Der mutmaßliche Drahtzieher Usama Bin Ladin hat in einem Interview gesagt, der Mensch habe einen natürlichen Instinkt, Fremde zu vertreiben. Er begründet Gewalt- und Terrorakte quasi mit der menschlichen Natur. Was sagt der Biologe dazu?

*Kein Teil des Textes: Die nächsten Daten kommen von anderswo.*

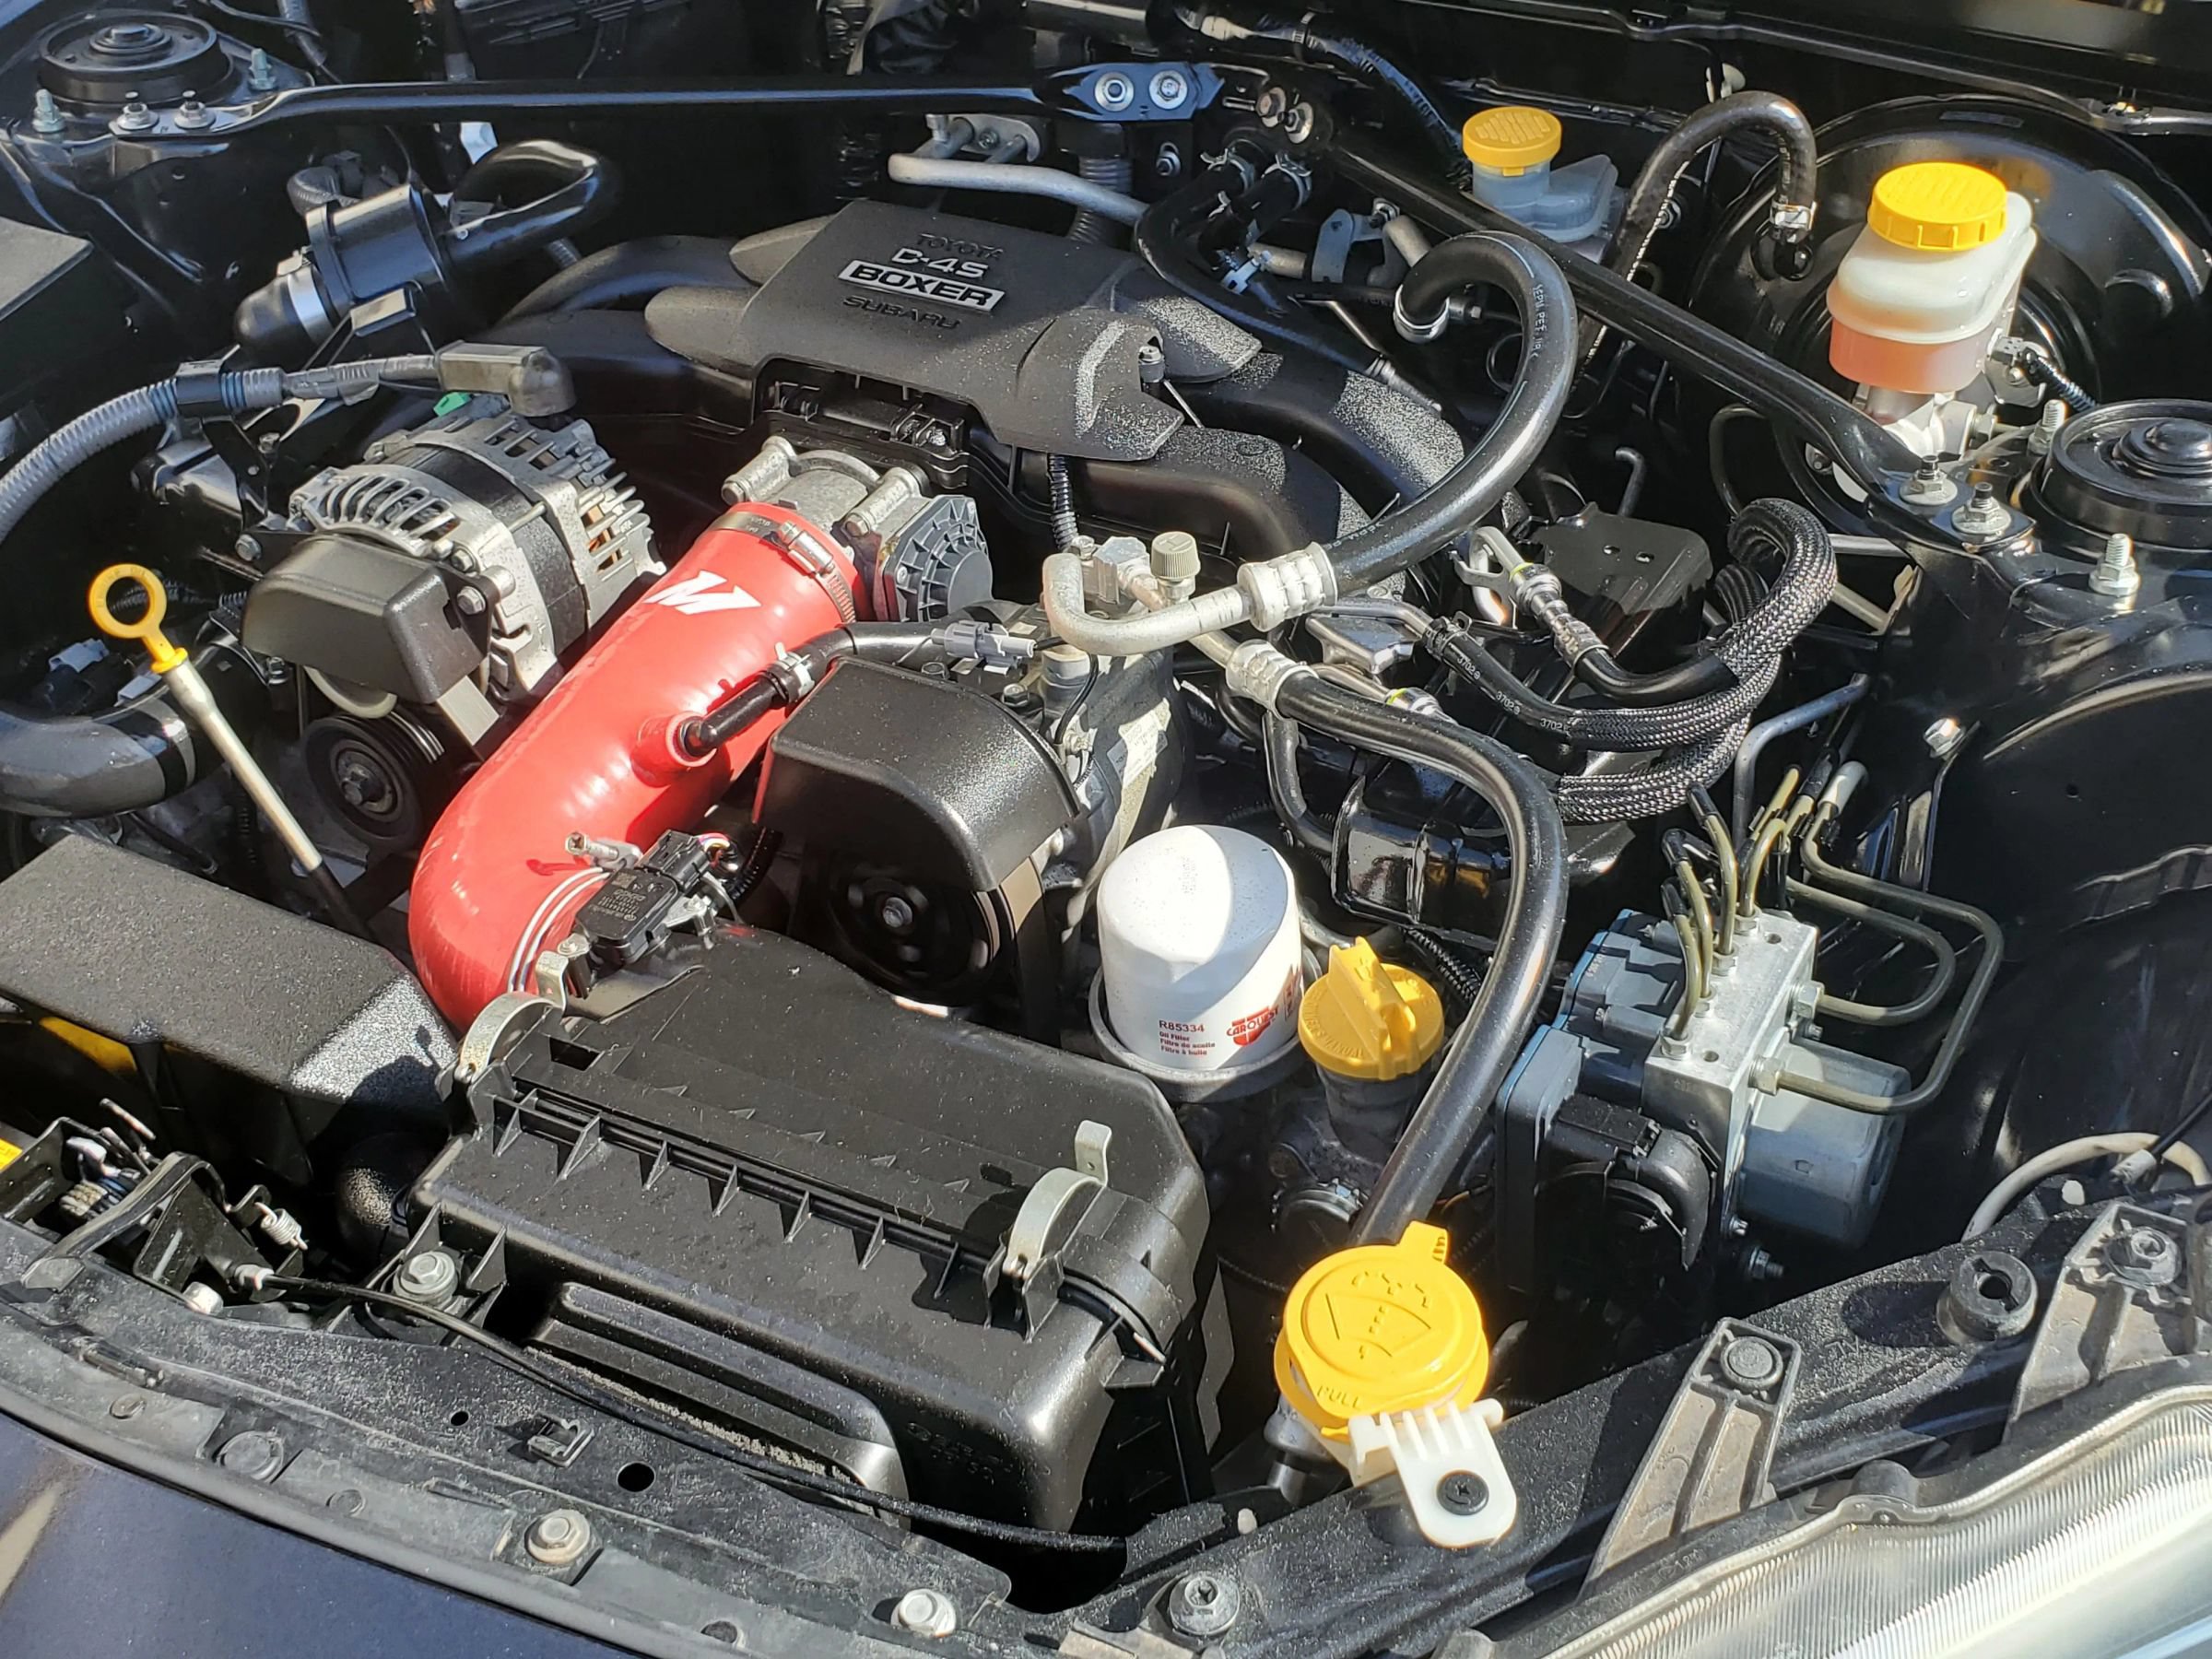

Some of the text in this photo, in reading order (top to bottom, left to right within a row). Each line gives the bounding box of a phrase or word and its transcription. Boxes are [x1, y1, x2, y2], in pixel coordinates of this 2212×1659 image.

[916, 233, 1004, 260] TOYOTA
[891, 247, 989, 278] D-4S
[849, 264, 994, 306] BOXER
[842, 295, 961, 330] SUBARU
[1159, 1019, 1205, 1032] R85334
[1316, 1385, 1362, 1410] PULL

Es ist offenkundig, dass der Mensch das Potenzial zur Gewalt hat. Falsch ist jedoch die Schlussfolgerung, Gewalt wäre bei Menschen quasi etwas "Natürliches" . Es gibt kein menschliches Verhalten, das "natürlich" ist - im Sinne von unvermeidbar. Uns zeichnet aus, dass wir unser Verhalten sehr bewusst steuern können. Vor allem wird unser Verhalten beeinflusst durch unsere Kultur, unsere sozialen Systeme und unsere Ethik. Man wird zum Hasser oder Fanatiker gemacht, wenn man in eine Gesellschaft voller Hass hinein geboren wird. Wenn Leute meinen, Gewalt sei natürlich, dann meinen sie im Grunde genommen nur: "ich mag dieses Verhalten".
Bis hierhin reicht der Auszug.